Records contained in a dataset
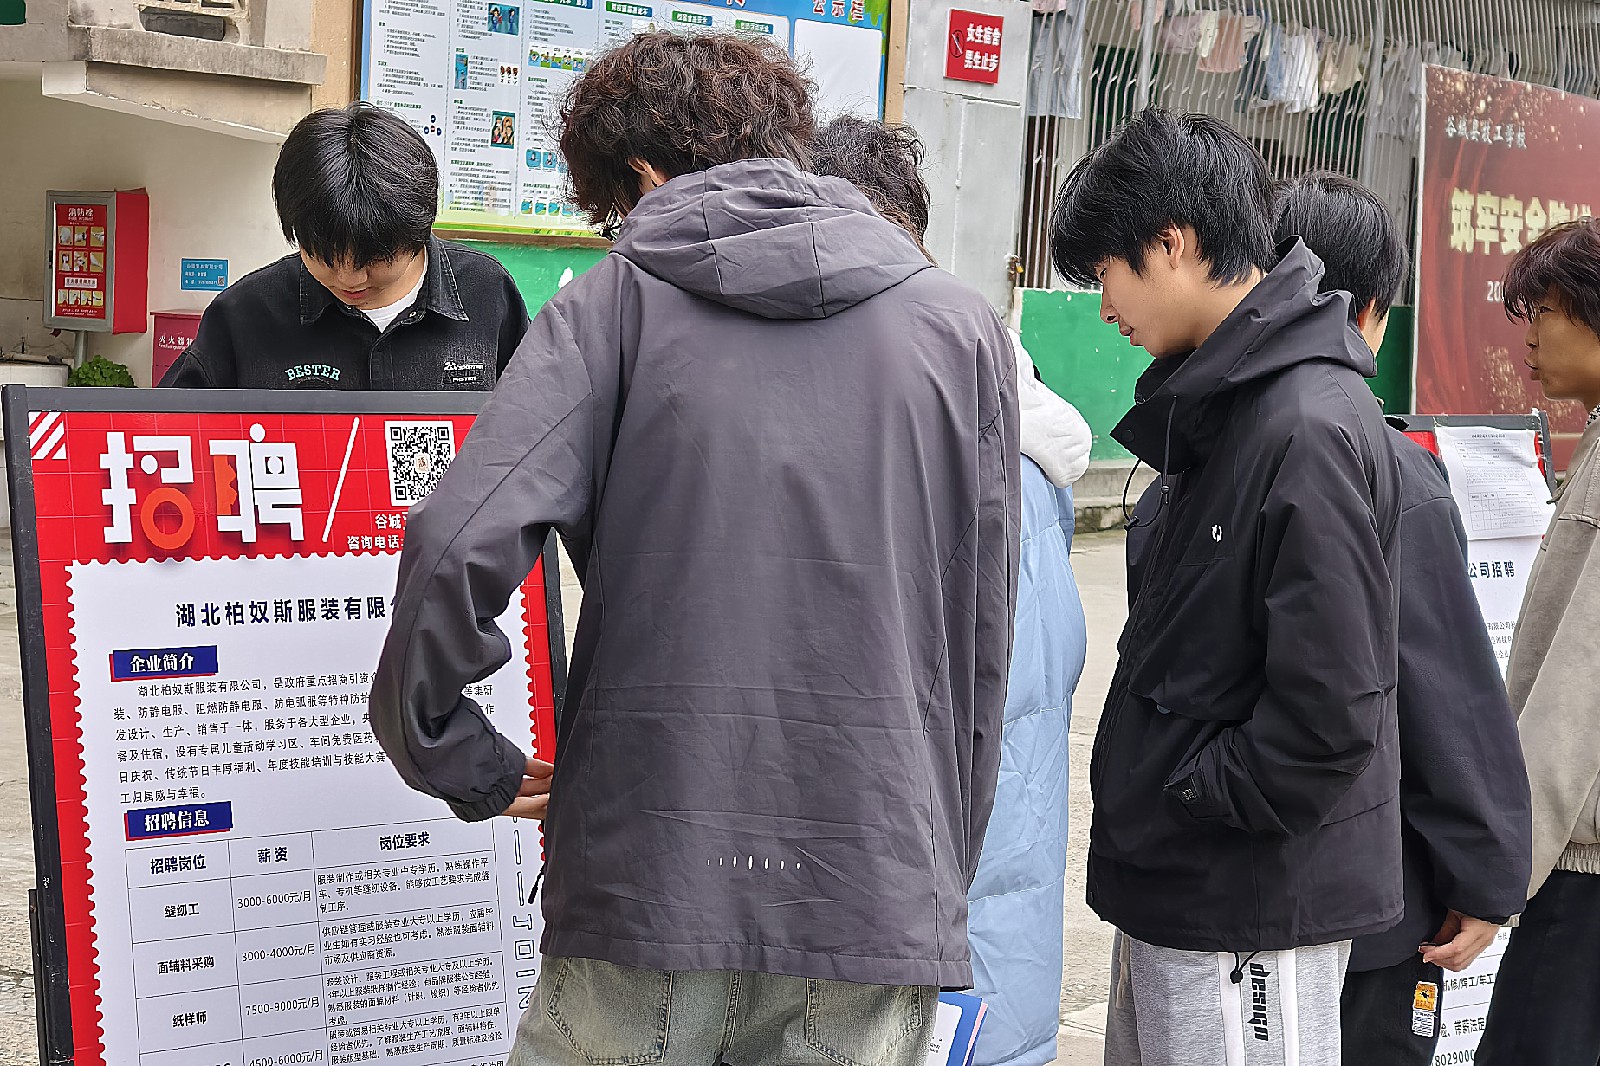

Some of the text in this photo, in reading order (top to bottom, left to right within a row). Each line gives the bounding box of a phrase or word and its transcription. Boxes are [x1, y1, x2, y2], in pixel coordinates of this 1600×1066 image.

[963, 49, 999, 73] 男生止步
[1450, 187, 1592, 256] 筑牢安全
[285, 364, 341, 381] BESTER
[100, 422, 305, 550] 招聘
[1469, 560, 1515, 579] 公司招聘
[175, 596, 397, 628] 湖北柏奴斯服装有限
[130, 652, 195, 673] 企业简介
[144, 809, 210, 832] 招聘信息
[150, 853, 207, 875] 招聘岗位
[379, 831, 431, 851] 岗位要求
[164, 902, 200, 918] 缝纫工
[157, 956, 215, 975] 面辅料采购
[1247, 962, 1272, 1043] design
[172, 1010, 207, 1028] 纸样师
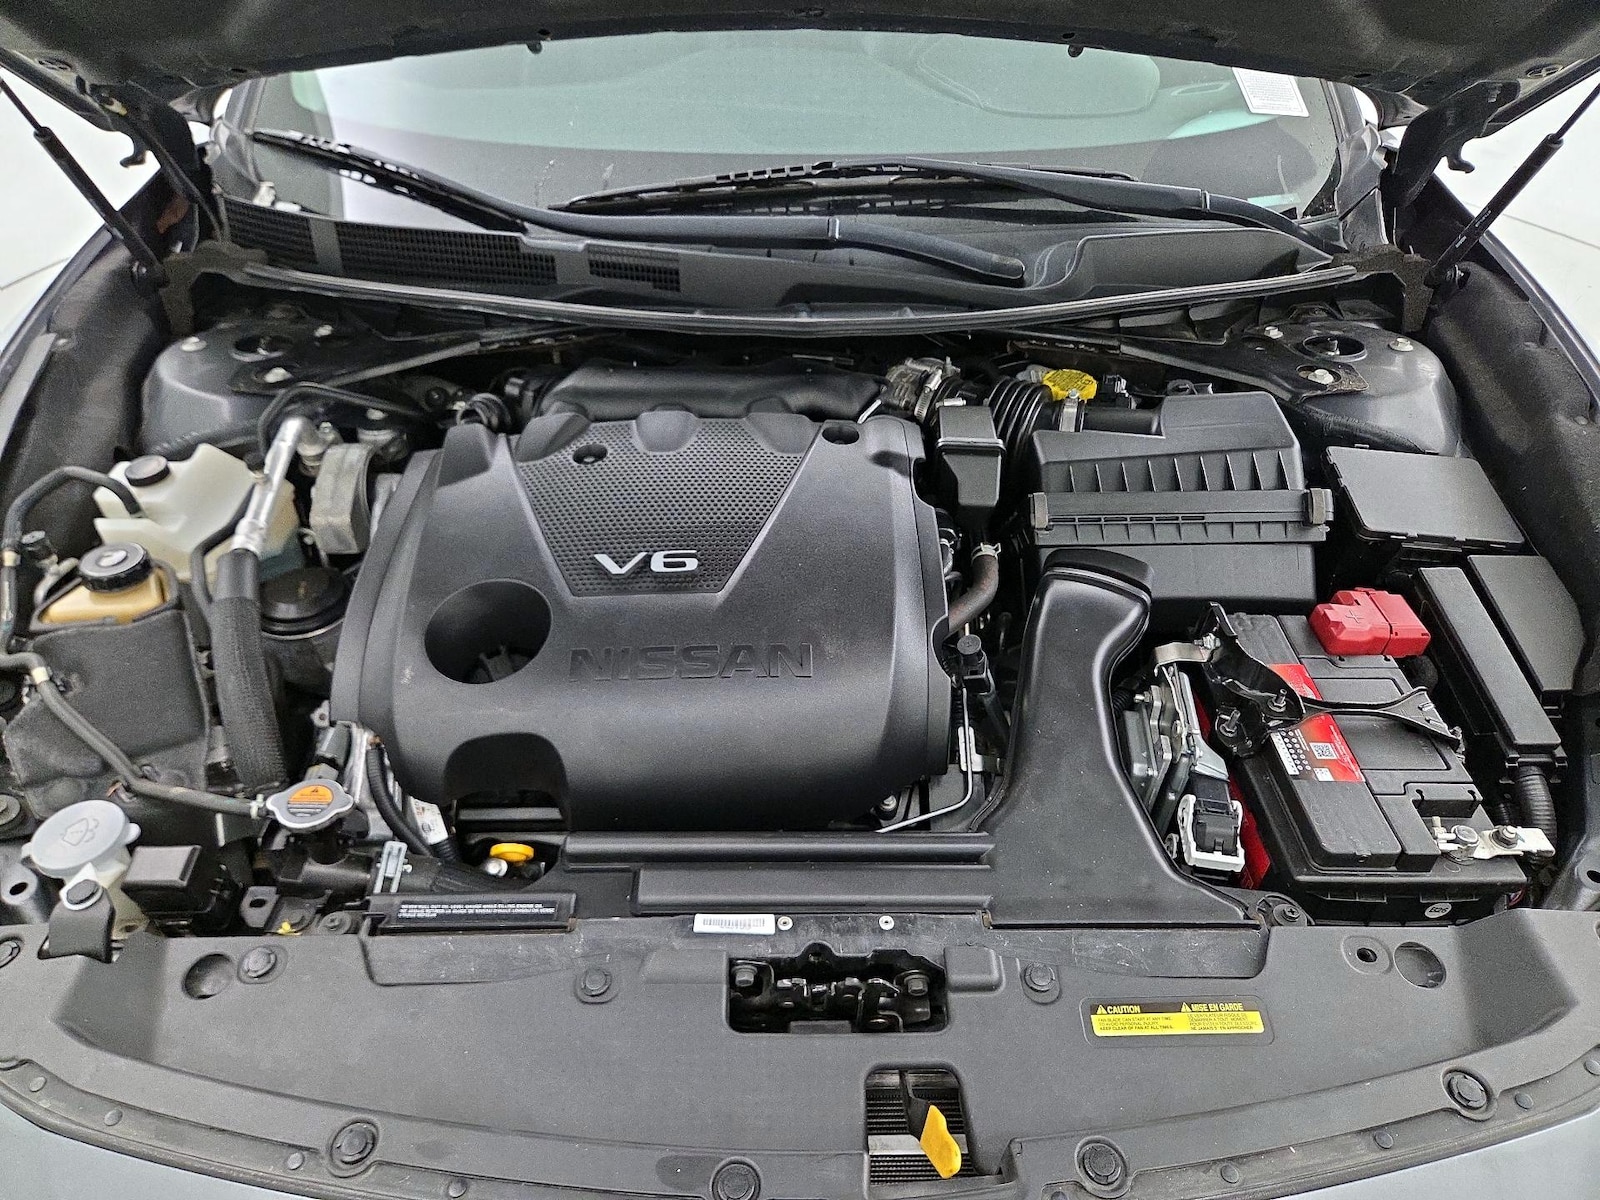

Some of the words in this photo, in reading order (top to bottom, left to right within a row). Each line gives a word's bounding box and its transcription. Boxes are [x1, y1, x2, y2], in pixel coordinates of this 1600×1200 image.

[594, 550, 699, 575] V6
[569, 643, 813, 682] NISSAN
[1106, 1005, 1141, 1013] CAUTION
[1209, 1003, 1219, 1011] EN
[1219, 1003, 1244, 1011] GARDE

### [Assigned task]
Across all the lines above, repeat the wording exactly and omit the pictures.

### [Exercise result]
Some of the text in this photo, in reading order (top to bottom, left to right within a row). Each line gives the bounding box of a phrase or word and its transcription. Boxes are [x1, y1, x2, y2], in pixel coordinates of this 1600×1066 image.

[963, 49, 999, 73] 男生止步
[1450, 187, 1592, 256] 筑牢安全
[285, 364, 341, 381] BESTER
[100, 422, 305, 550] 招聘
[1469, 560, 1515, 579] 公司招聘
[175, 596, 397, 628] 湖北柏奴斯服装有限
[130, 652, 195, 673] 企业简介
[144, 809, 210, 832] 招聘信息
[150, 853, 207, 875] 招聘岗位
[379, 831, 431, 851] 岗位要求
[164, 902, 200, 918] 缝纫工
[157, 956, 215, 975] 面辅料采购
[1247, 962, 1272, 1043] design
[172, 1010, 207, 1028] 纸样师

Some of the words in this photo, in reading order (top to bottom, left to right within a row). Each line gives a word's bounding box and its transcription. Boxes are [x1, y1, x2, y2], in pixel coordinates of this 1600×1200 image.

[594, 550, 699, 575] V6
[569, 643, 813, 682] NISSAN
[1106, 1005, 1141, 1013] CAUTION
[1209, 1003, 1219, 1011] EN
[1219, 1003, 1244, 1011] GARDE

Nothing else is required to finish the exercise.